- #1
DottZakapa
- 239
- 17
- Homework Statement
- Have two Poisson distributed random variables, with parameter ##\lambda##=2
- Relevant Equations
- probably
How do I evaluate
P(X-Y=0)=?
P(X-Y=0)=?
DottZakapa said:it was a question in a multiple choice question. i was trying to find out why that wasn't the correct answer:
it was stating that
##P \left( X-Y=0 \right)=1##
hence i was trying to compute it
Sometimes it is so surprising to see what details are left out of the official problem statement.etotheipi said:Do you have the verbatim problem statement?

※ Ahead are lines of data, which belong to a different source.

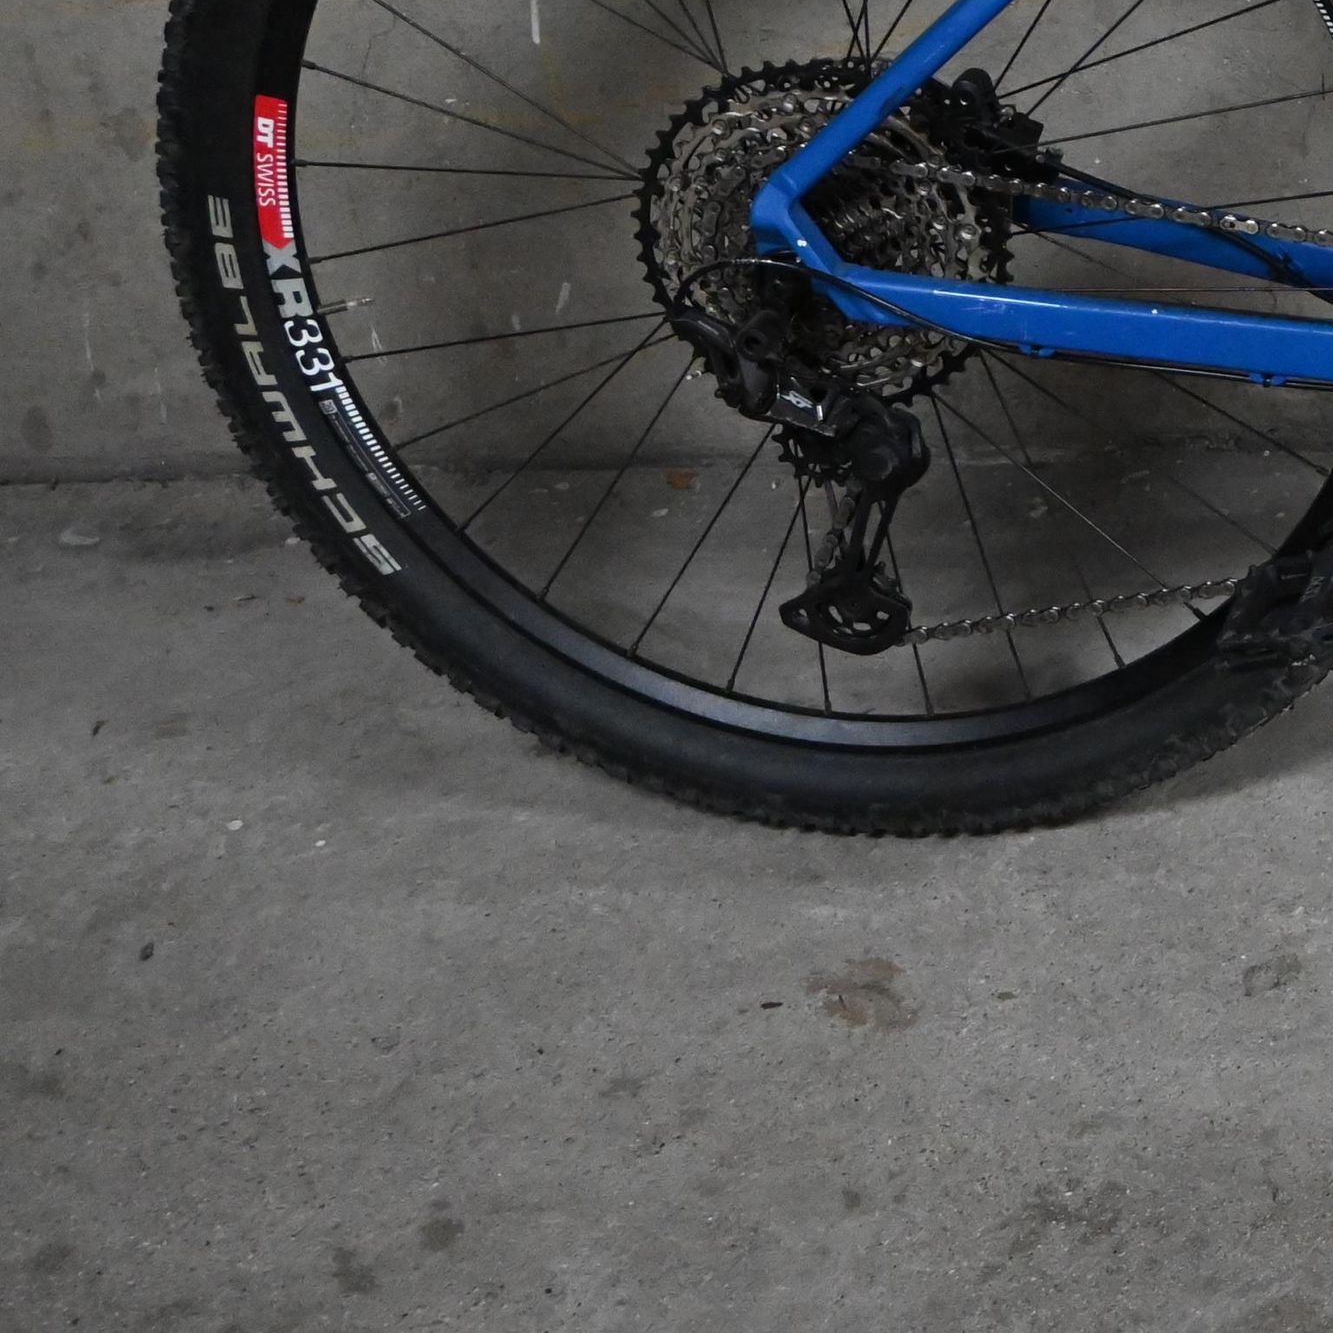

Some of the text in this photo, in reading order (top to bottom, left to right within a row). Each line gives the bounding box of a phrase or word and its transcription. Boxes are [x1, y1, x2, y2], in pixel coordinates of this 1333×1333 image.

[257, 116, 276, 207] DT SWISS
[207, 195, 402, 575] SCHWALBE
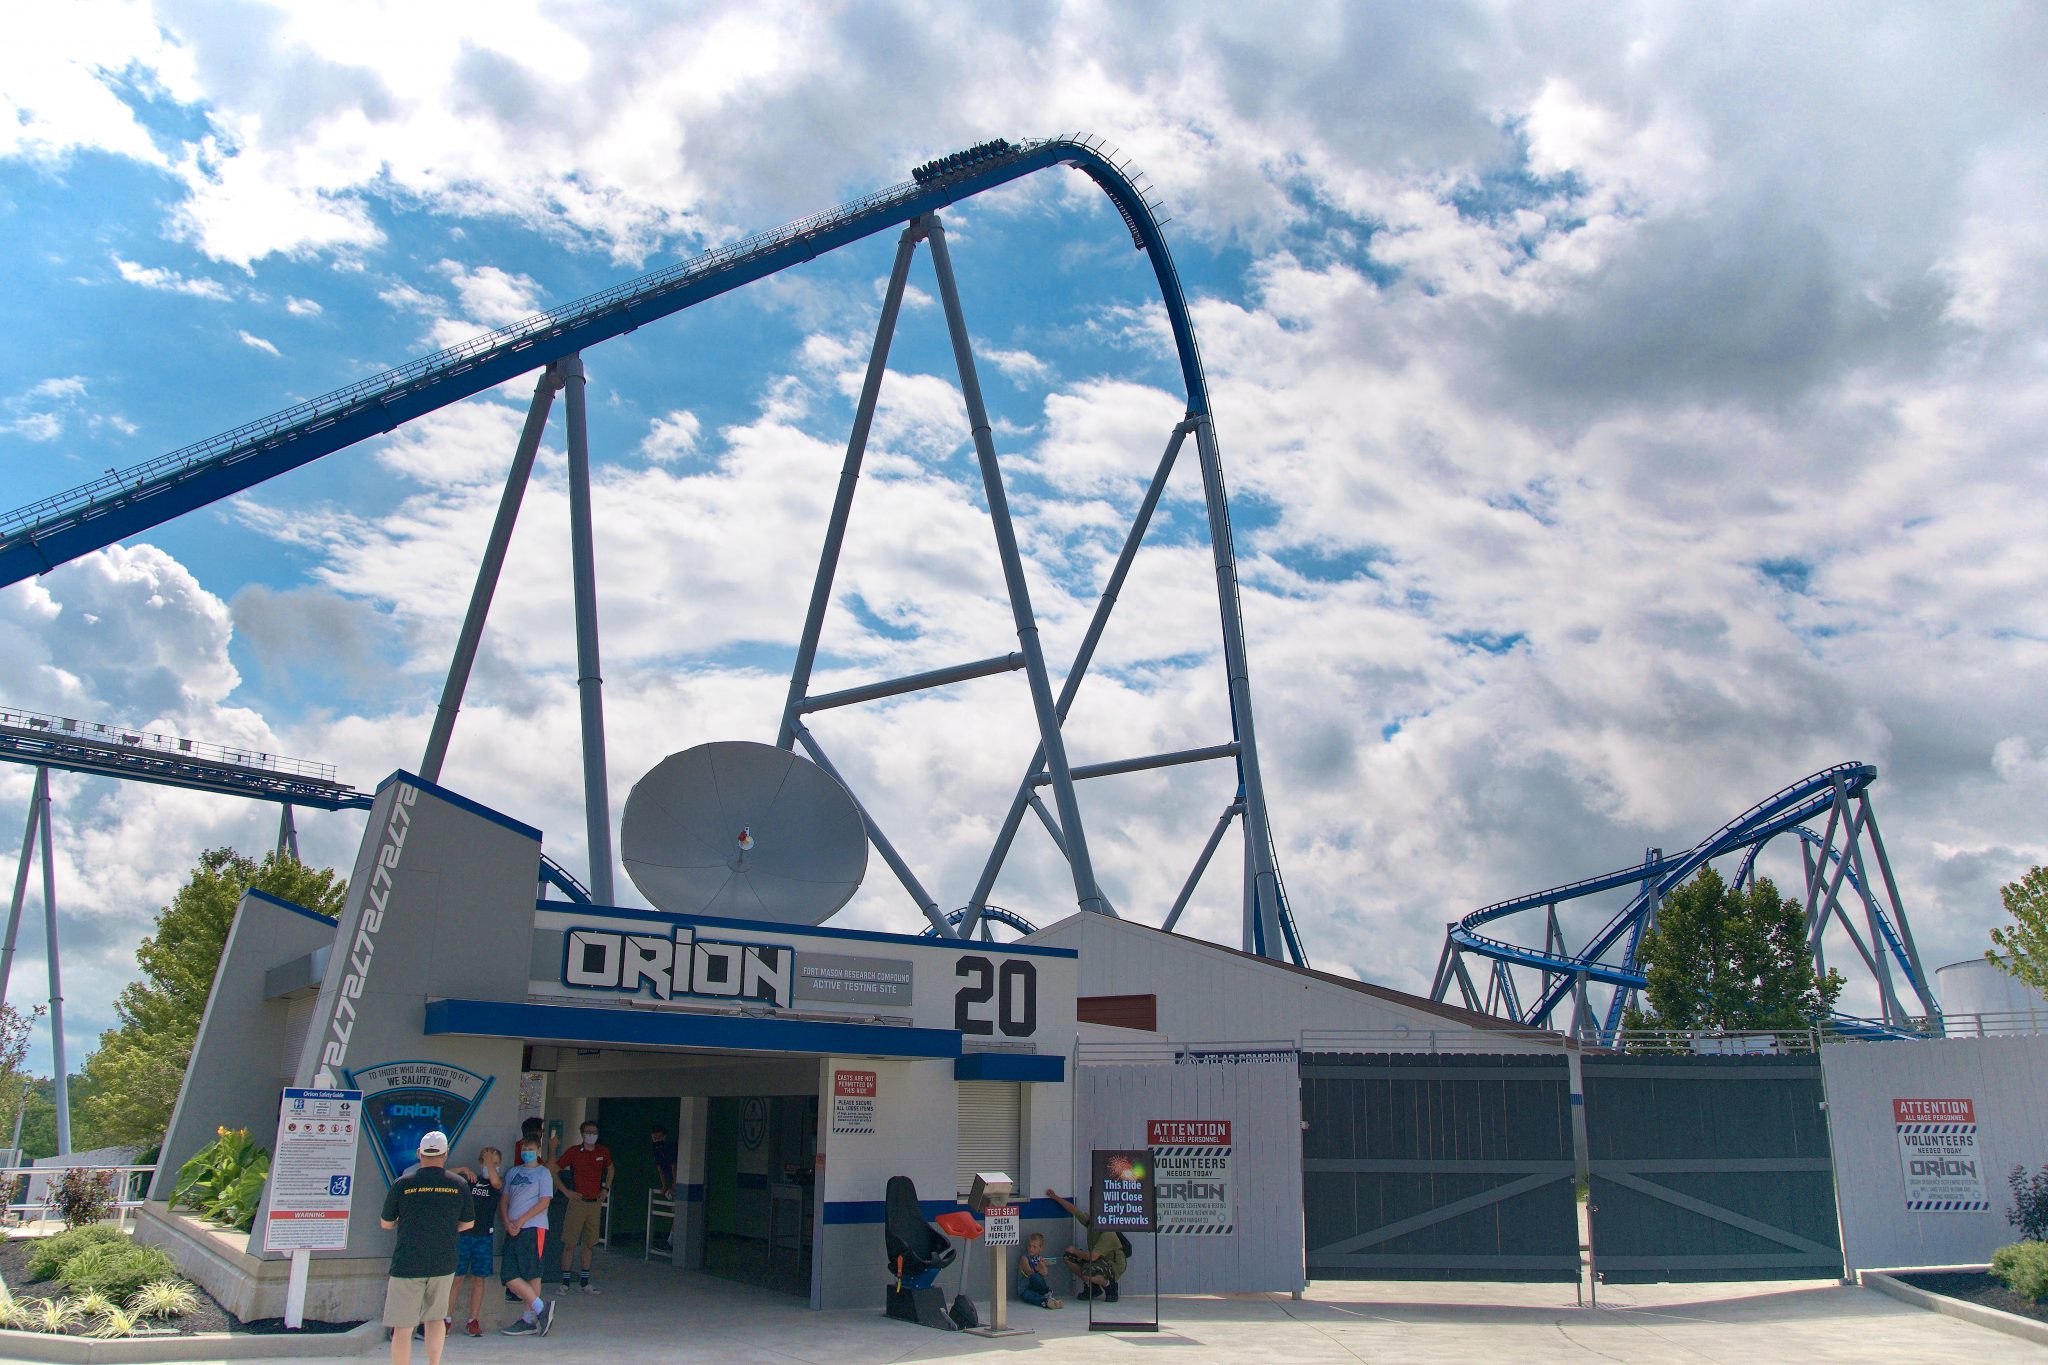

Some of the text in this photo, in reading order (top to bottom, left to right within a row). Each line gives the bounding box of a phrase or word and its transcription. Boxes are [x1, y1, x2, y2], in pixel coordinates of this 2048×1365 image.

[803, 966, 910, 983] FORT MASON RESEARCH COMPOUND
[812, 980, 897, 994] ACTIVE TESTING SITE
[955, 955, 1036, 1037] 20
[368, 1072, 377, 1080] TO
[378, 1067, 398, 1078] THOSE
[400, 1066, 414, 1074] WHO
[415, 1066, 427, 1074] ARE
[428, 1067, 448, 1077] ABOUT
[450, 1070, 458, 1080] TO
[387, 1075, 452, 1088] WE SALUTE YOU!
[1901, 1101, 1969, 1114] ATTENTION
[1154, 1123, 1226, 1136] ATTENTION
[1904, 1136, 1974, 1146] VOLUNTEERS
[1154, 1158, 1226, 1169] VOLUNTEERS
[1104, 1180, 1142, 1190] This Ride
[472, 1187, 490, 1197] BSBL
[1103, 1191, 1142, 1201] Will Close
[987, 1207, 1017, 1216] TEST SEAT
[1104, 1202, 1142, 1215] Early Due
[1098, 1214, 1149, 1225] to Fireworks
[1004, 1224, 1014, 1232] FOR
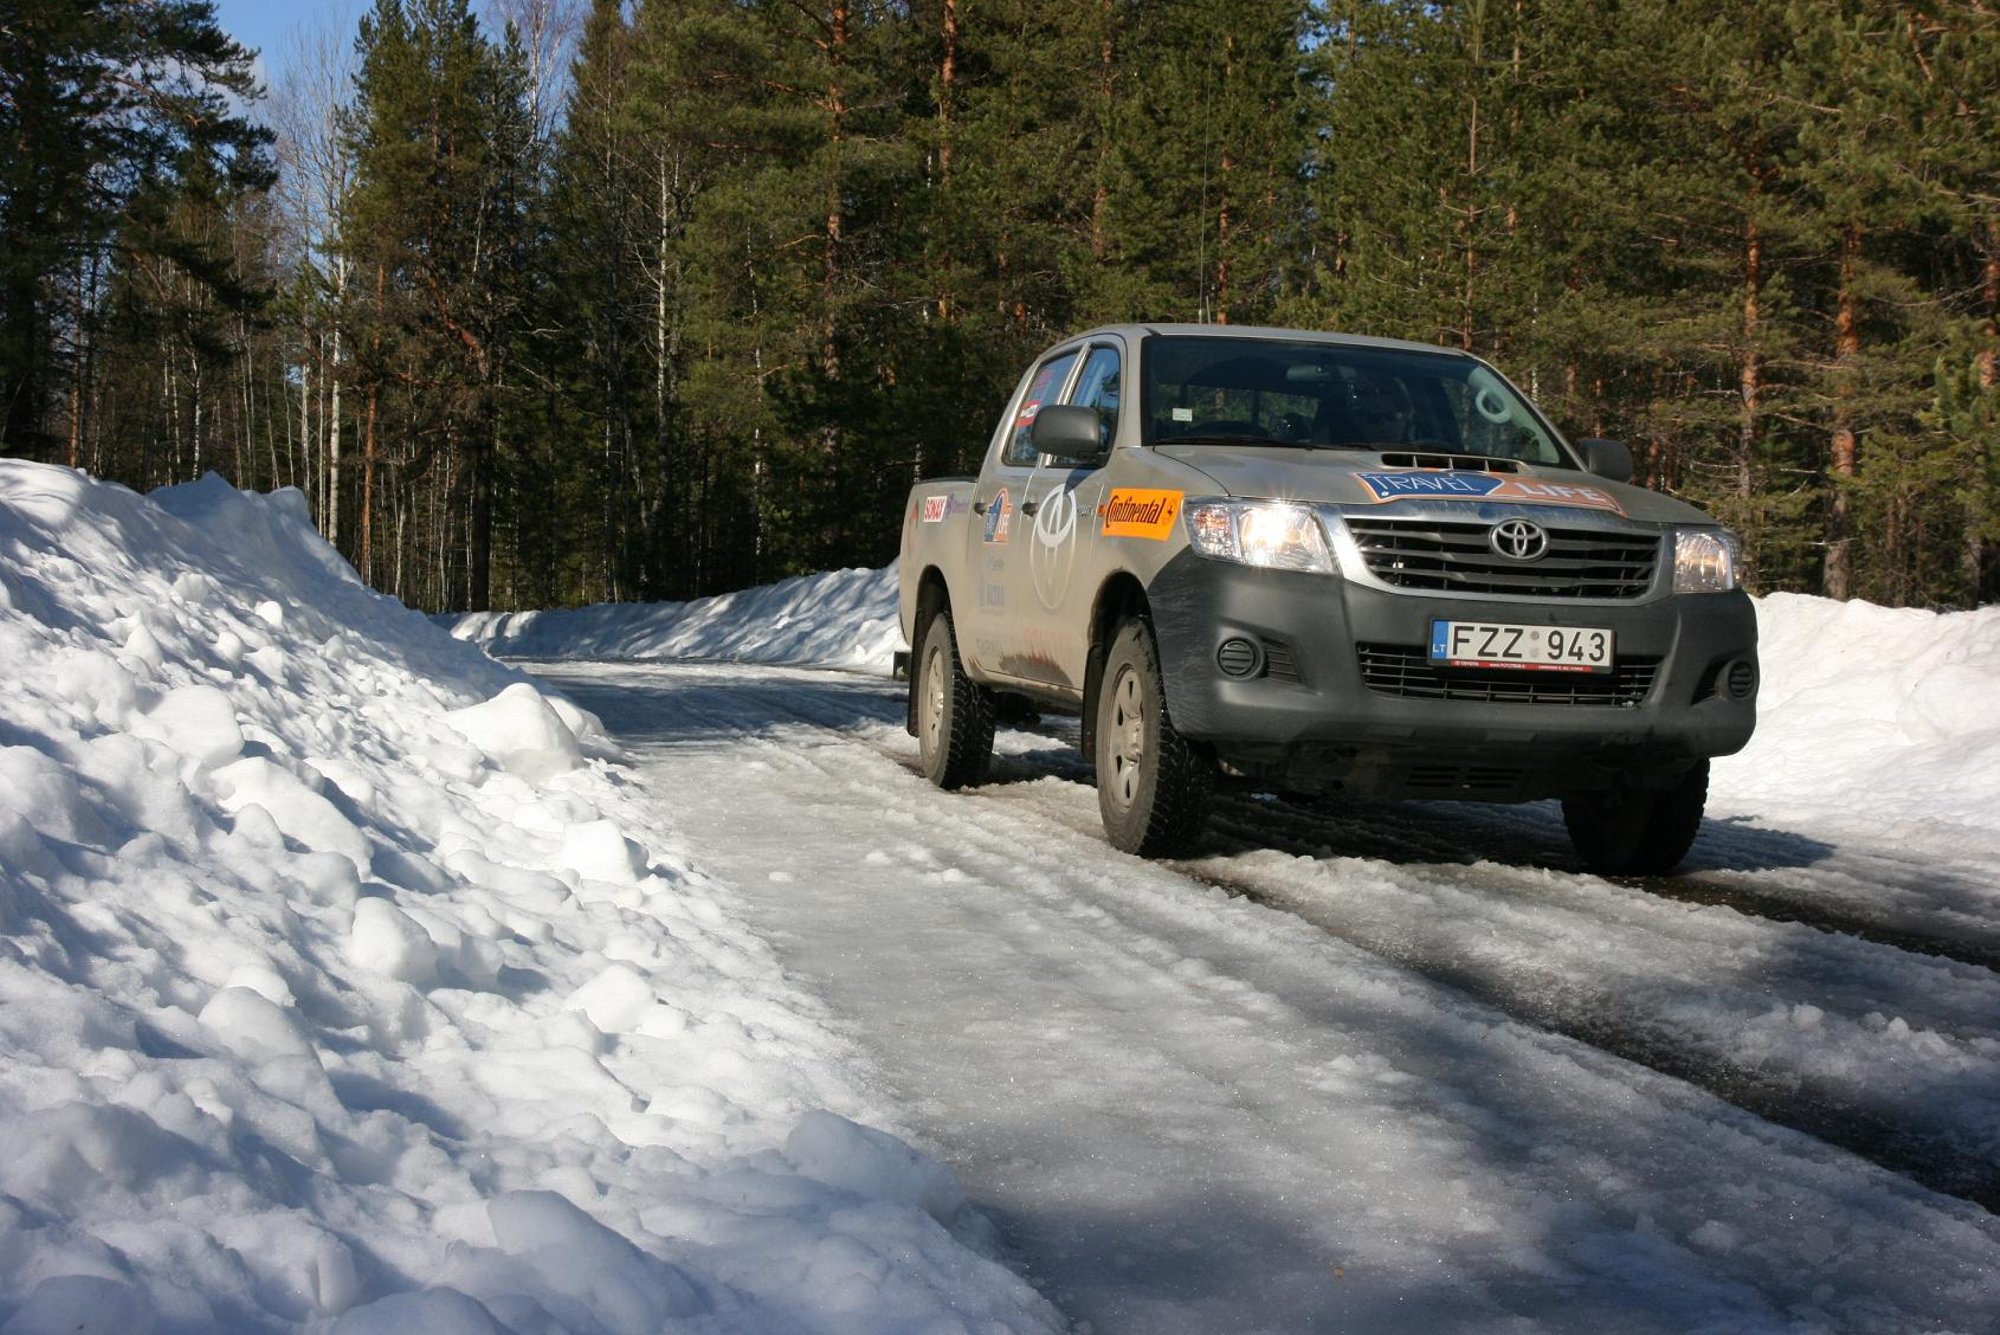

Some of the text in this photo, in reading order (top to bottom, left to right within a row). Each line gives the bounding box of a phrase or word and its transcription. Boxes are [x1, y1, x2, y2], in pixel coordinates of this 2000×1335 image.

[1366, 475, 1604, 501] TRAVEL LIFE
[1105, 494, 1167, 528] Continental
[1432, 643, 1447, 653] LT
[1452, 625, 1605, 662] FZZ 943

me too but, i want to know/understand why P[X-Y=]=1 is not correct.etotheipi said:Do you have the verbatim problem statement?
DottZakapa said:me too but, i want to know/understand why P[X-Y=]=1 is not correct.
A Poisson distribution is a probability distribution that describes the number of events that occur in a fixed interval of time or space. It is often used to model rare events that occur independently of each other.
A Poisson distribution is characterized by its mean, which represents the average number of events in the given interval, and its variance, which measures the spread of the distribution around the mean. It is also a discrete distribution, meaning that the possible outcomes are whole numbers.
Two Poisson distributed random variables refer to two separate events or processes that follow a Poisson distribution. This means that the number of events or occurrences for each variable can be described by a Poisson distribution with its own mean and variance.
Two Poisson distributed random variables can be related in several ways. They can be independent, meaning that the occurrence of one variable does not affect the other. They can also be correlated, meaning that the occurrence of one variable is related to the occurrence of the other. Additionally, they can be used to model a single event with different parameters, such as the number of customers at two different stores.
The joint probability of two Poisson distributed random variables can be calculated by multiplying the individual probabilities of each variable. This can be represented by the formula P(X=x, Y=y) = P(X=x) * P(Y=y), where X and Y are the two variables and x and y are specific values. Alternatively, a joint probability table or a Poisson distribution calculator can be used to find the joint probability.